There is probably no clear answer to what is better. However, if you choose Mint, you have to count on a package / software version for at least two years. With Ubuntu, you can start using LTS and decide to upgrade to new releases with new packages. We are just in the period when the LTS is still fresh, so you do not have to make a decision right between the stability and the up-to-date software.
Mint bets on its traditional gray-green appearance, Ubuntu turns black-green. Of course, you can change the look. The layout of the interface differs significantly. Ubuntu is faithful to the original GNOME 2 layout, where you have an application menu and a notification area and a list of open windows below. Mint has only one lower bar that contains all of that.
The Ubuntu application offer is simple to use. Mint uses a much more sophisticated MATE menu, which has the advantage of searching and running applications quickly. With the MATE menu it does not look very good and it is not sure whether it will last for the future. In any case, MATE can be configured very well in both distributions, and you can combine and position the panels as you want. So, by default, I would not choose the distribution.
Let's also add that both distributions contain good welcome screens that introduce distribution, help with driver installation, first steps, etc. They also point to relevant resources and community support. Though it's a trifle, but newcomers will make it easier to use.
We will not discuss the default program report here. On the one hand, it is similar and, on the other hand, there is nothing easier than uninstalling or installing the program. Let's take a look at what tools are available for package management.
Mint has been using its own application catalog for some time, partly based on the Ubuntu Software Center. It provides quite a bit of information about programs (including screenshots), user ratings, searches, etc. The impact is a bit spoiled by not a very fast response and occasional instability, but it is not critical. For advanced users, Mint has a familiar Synaptic tool that can do more advanced things with each package.

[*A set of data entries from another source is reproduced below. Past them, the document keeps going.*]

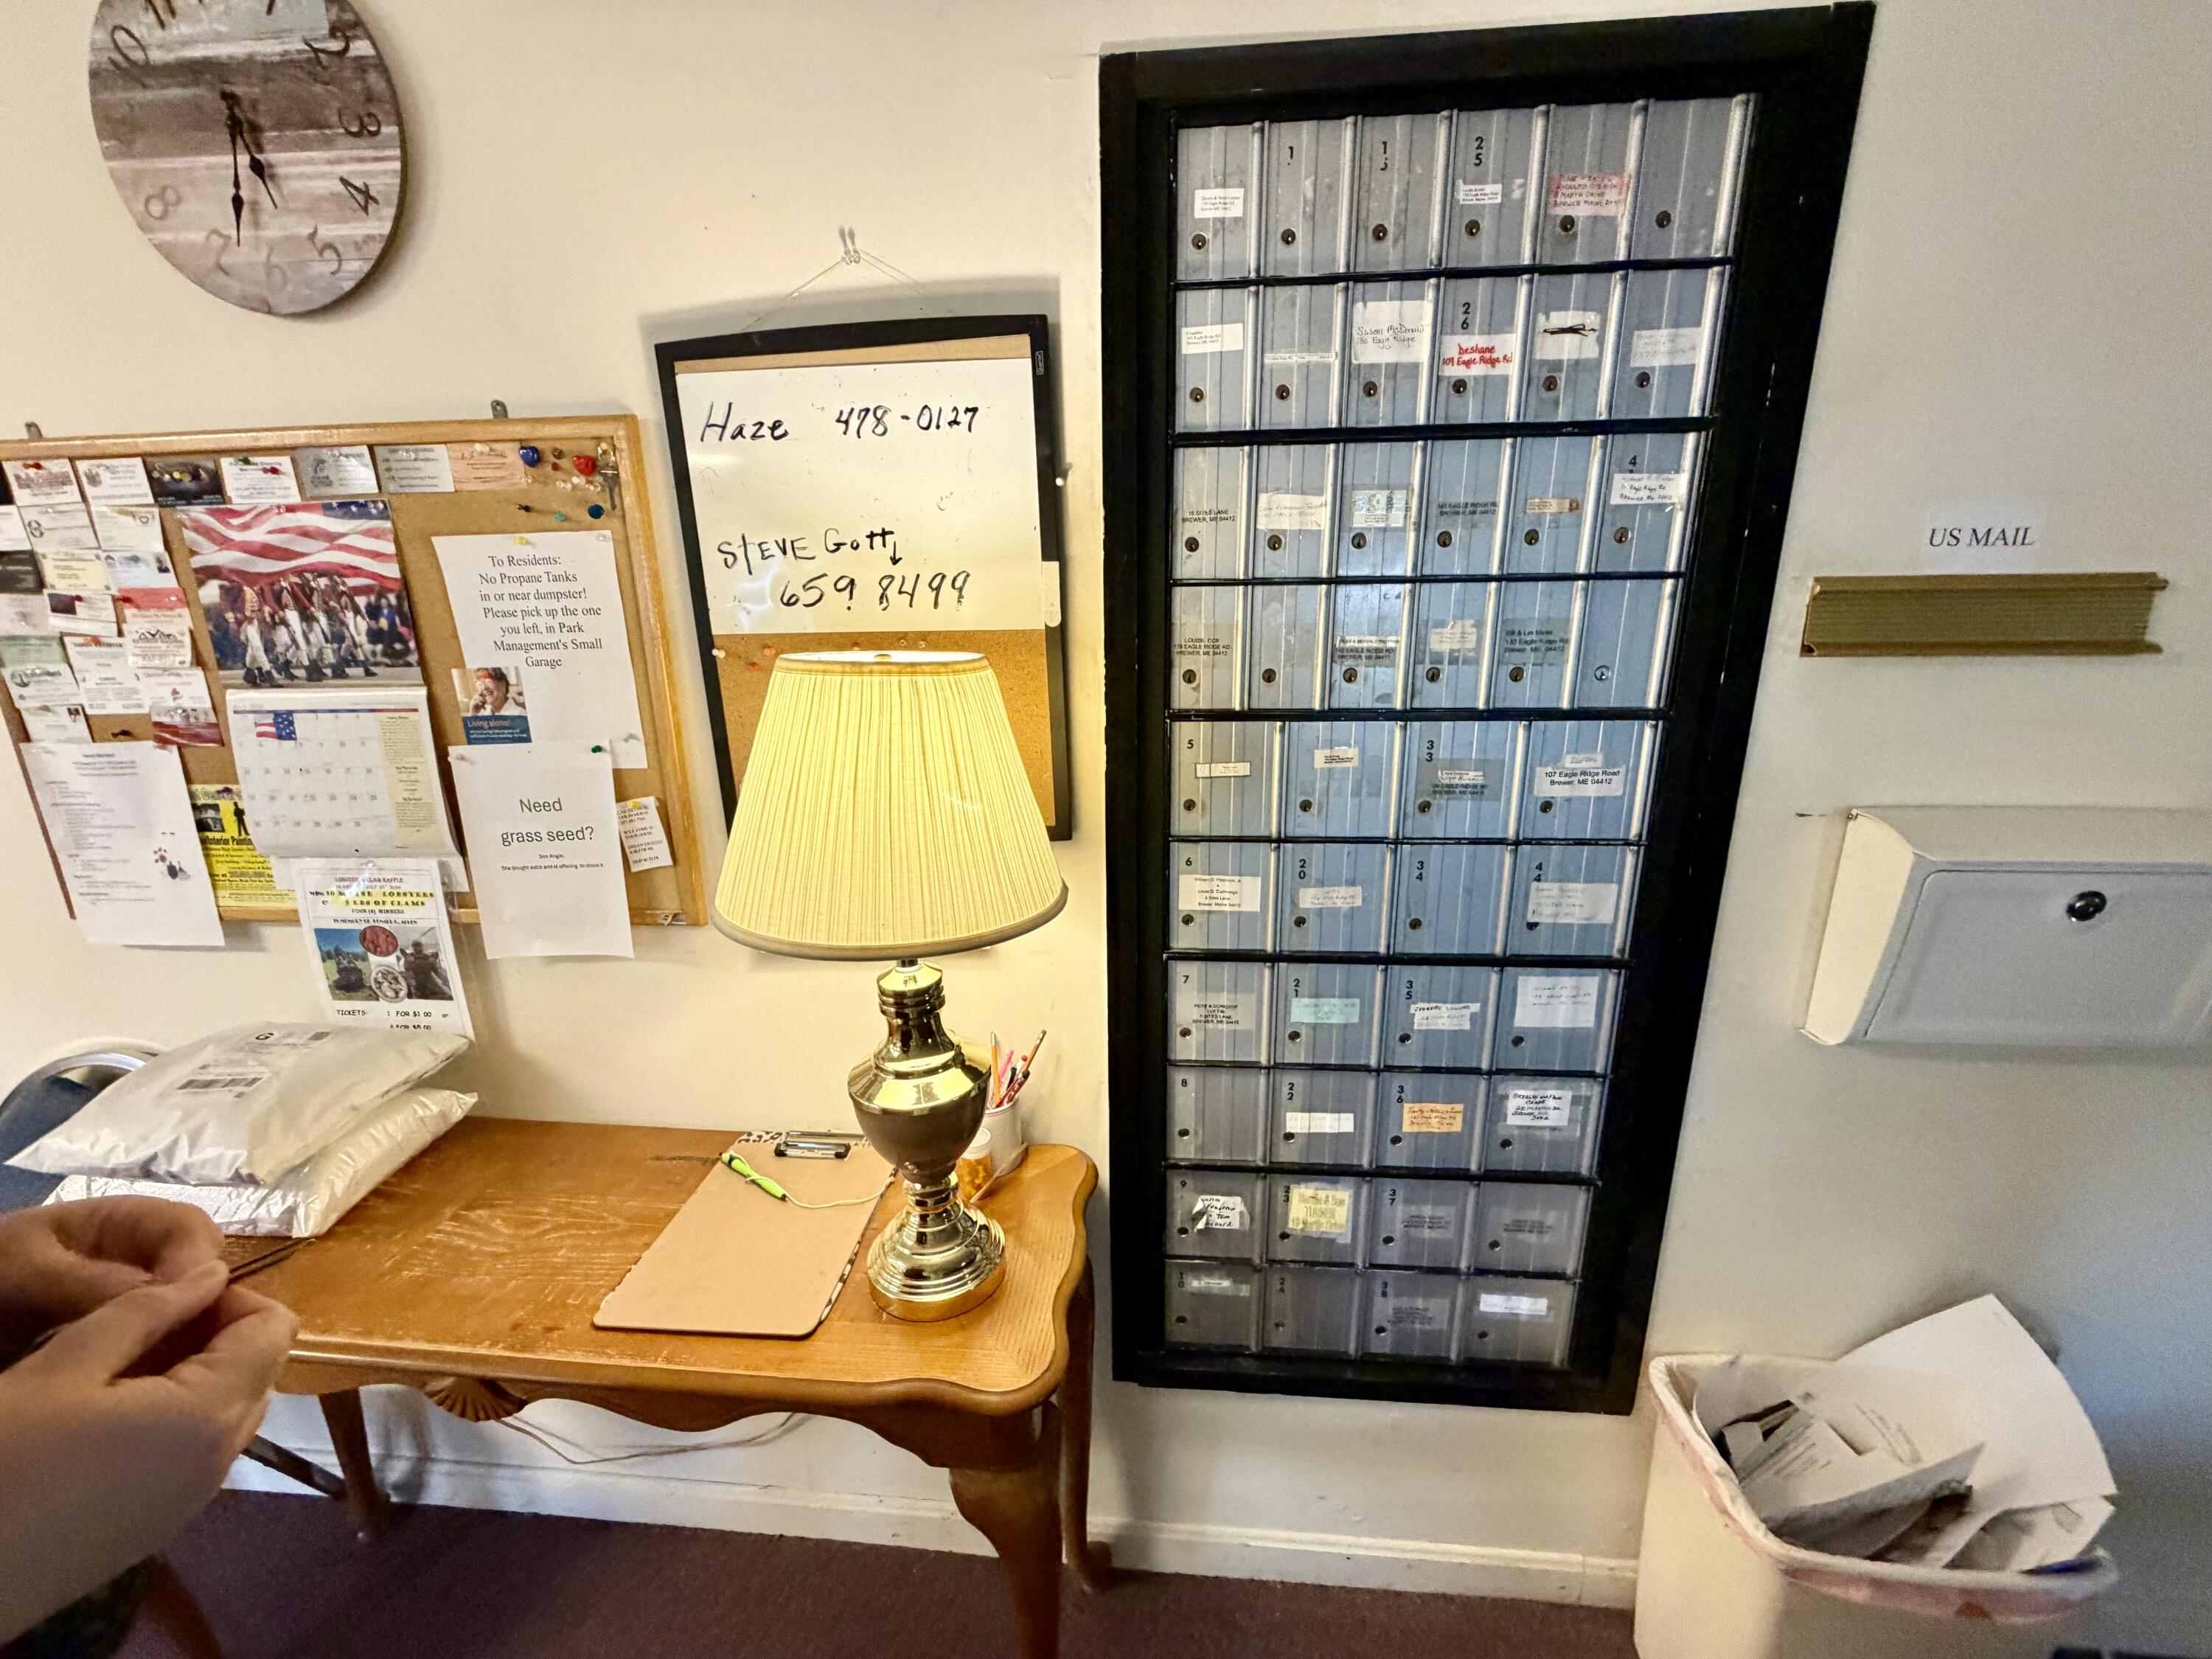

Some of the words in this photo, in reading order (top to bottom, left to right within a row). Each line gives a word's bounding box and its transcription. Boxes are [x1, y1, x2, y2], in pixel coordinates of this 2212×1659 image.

[303, 25, 350, 69] 2
[338, 107, 380, 138] 3
[144, 185, 183, 220] 8
[340, 176, 379, 215] 4
[206, 228, 232, 276] 7
[308, 225, 342, 275] 5
[265, 246, 287, 291] 6
[1458, 343, 1495, 355] Deshane
[1443, 358, 1454, 366] 109
[1457, 357, 1478, 369] Eagle
[1479, 355, 1501, 368] Ridge
[1503, 352, 1512, 363] Rd
[700, 400, 789, 442] Haze
[1929, 526, 1961, 547] US
[1966, 526, 2035, 547] MAIL
[488, 556, 505, 567] To
[507, 554, 561, 567] Residents:
[479, 573, 497, 585] No
[499, 572, 542, 587] Propane
[544, 571, 577, 583] Tanks
[480, 591, 491, 602] in
[494, 593, 504, 601] or
[507, 591, 531, 601] near
[533, 588, 587, 603] dumpster!
[780, 574, 856, 611] 659
[878, 570, 971, 611] 8499
[484, 607, 518, 619] Please
[520, 606, 543, 621] pick
[545, 608, 558, 619] up
[561, 605, 578, 617] the
[581, 607, 602, 616] one
[500, 625, 521, 637] you
[523, 622, 543, 636] left,
[545, 623, 556, 634] in
[558, 621, 585, 633] Park
[494, 639, 568, 654] Management's
[571, 639, 603, 650] Small
[525, 655, 563, 670] Garage
[1187, 740, 1194, 749] 5
[519, 797, 563, 813] Need
[501, 829, 543, 846] grass
[547, 826, 595, 841] seed?
[1186, 858, 1192, 866] 6
[1183, 975, 1189, 984] 7
[1181, 1079, 1187, 1087] 8

Ubuntu is surprised in this respect. It does not offer any classical application catalog or package manager. Instead, it has its own Software Boutique tool, which offers around hundred of the best apps, of course categorized. This is not just software from official repositories. If you choose to install foreign software, Software Boutique will do everything you need, add a repository, etc. Excellent thing, especially for Linux beginners. If you want to have access to a complete menu of software, you have to install another tool - Software Boutique offers several. Or use a terminal, of course. Installation of downloaded packages will be provided by GDebi.
As you might have guessed, there are no bigger differences between distributions. Ubuntu MATE and Linux Mint are well-tuned distributions that you will not usually have problems with, and well-advised users. Which is right for you? This can not be answered unequivocally. It depends on personal and preferences and areas that are important to you. Increased attention is paid to the release and support cycle.

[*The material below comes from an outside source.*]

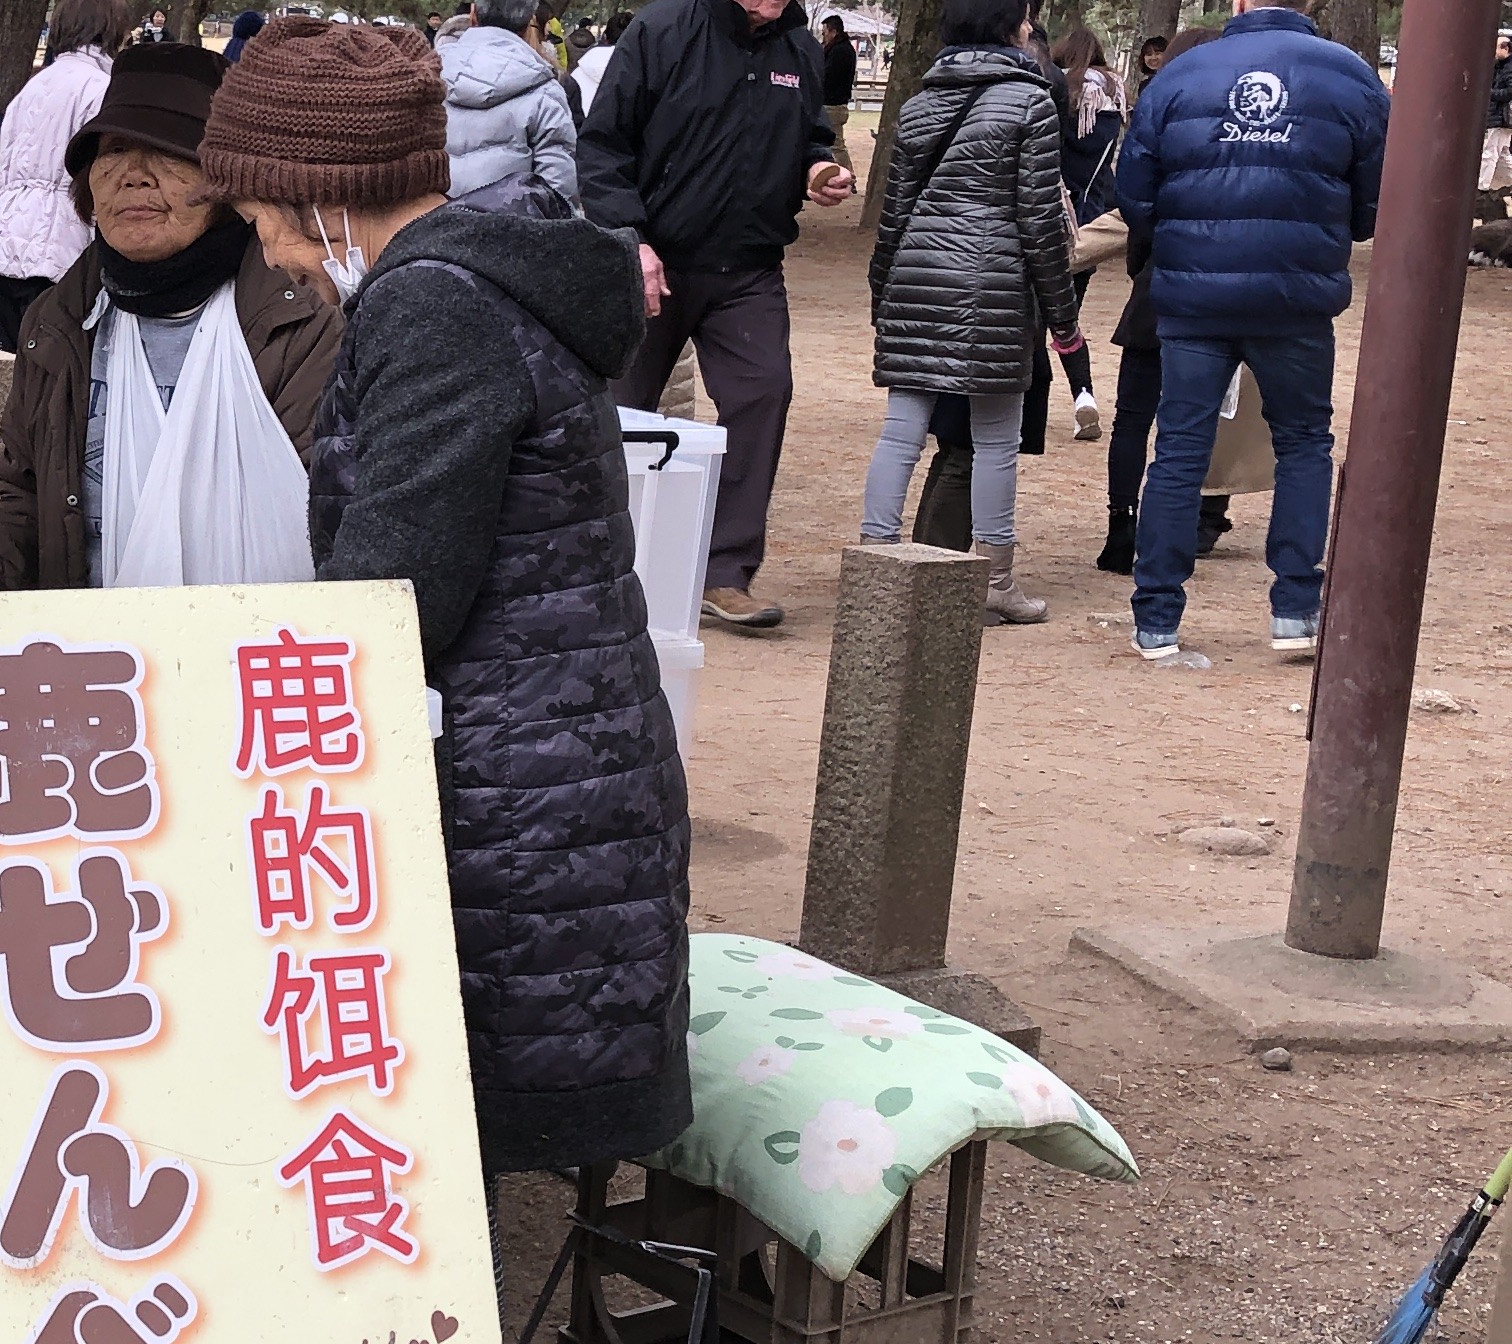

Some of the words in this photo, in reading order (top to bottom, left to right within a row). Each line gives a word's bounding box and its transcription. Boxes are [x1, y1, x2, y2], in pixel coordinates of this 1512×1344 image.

[1219, 121, 1293, 143] Diesel
[236, 629, 414, 1264] 鹿的饵食

If I had to go to one side, I would choose Ubuntu MATE. The reason is very active developers, relatively active community and also more supported platforms. The distribution is fairly young, so hopefully the drive will last for the developers. Because it is an official Ubuntu derivative, the distribution is also subject to partial control of Canonical and is more predictable. On the other hand, at Mint, the MATE version is the second in the order of the more famous Cinnamon.